O pediatra e sanitarista Daniel Becker lança 'Os 1000 Dias do Bebê' (Planeta), obra em que propõe tratar crianças como sujeitos de direito e destaca a importância decisiva do período que vai da concepção até cerca dos dois anos. Escrito com a jornalista Rita Lisauskas, o livro se apresenta como um guia enciclopédico —os autores evitam chamar a obra de manual— e busca atualizar pais e cuidadores com a ciência mais recente em pediatria, nutrição e desenvolvimento emocional.
Becker faz alerta para a perda das referências geracionais e para o papel nocivo das redes sociais, onde cai uma mistura de conselhos desencontrados e produtos milagrosos. Ele relata ter sido alvo de uso indevido de imagem por meio de vídeo feito com inteligência artificial para promover métodos falsos —caso que resultou em processo favorável ao médico— e critica a mercantilização de soluções rápidas para problemas comuns da infância.
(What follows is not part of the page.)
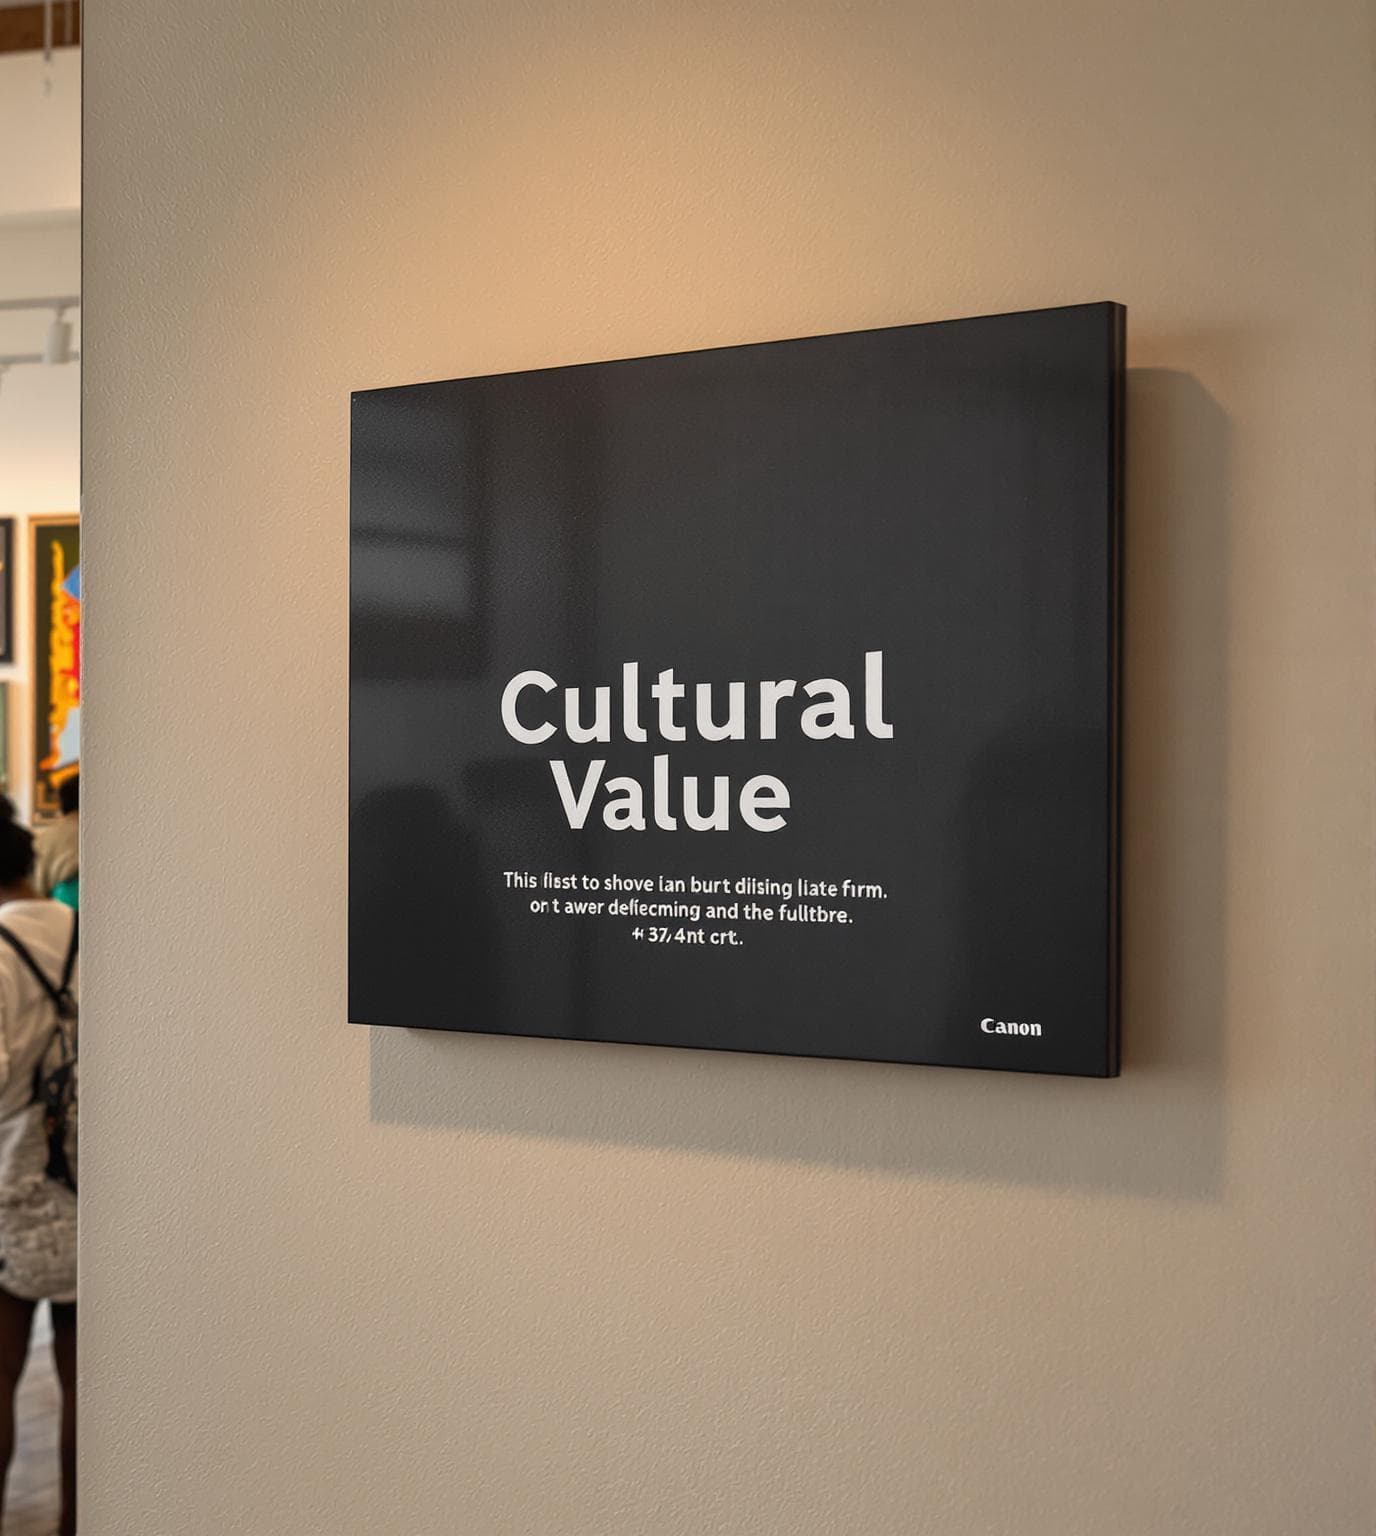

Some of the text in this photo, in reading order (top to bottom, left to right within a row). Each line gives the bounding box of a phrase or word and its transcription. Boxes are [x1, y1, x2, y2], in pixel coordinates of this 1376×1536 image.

Um capítulo extenso é dedicado às birras: para Becker, elas revelam o surgimento da autonomia entre um e dois anos e exigem reconhecimento e nomeação do sentimento, não punição. Lidar corretamente com as crises, diz ele, não apenas evita traumas, mas é oportunidade para desenvolver inteligência emocional. Entre os principais erros apontados pelo autor estão práticas violentas —gritos, castigos e palmadas— que persistem apesar das evidências contra seus efeitos.
O livro também registra as mudanças recentes na pediatria —novas vacinas, incorporações ao SUS e avanço em políticas como a licença-paternidade— e reflete o cuidado dos autores em incorporar atualizações científicas: foram cerca de mil dias entre a concepção da obra e sua publicação. A proposta é oferecer orientação baseada em evidências, sem determinismos, lembrando que a infância é influenciada por múltiplos fatores sociais e familiares.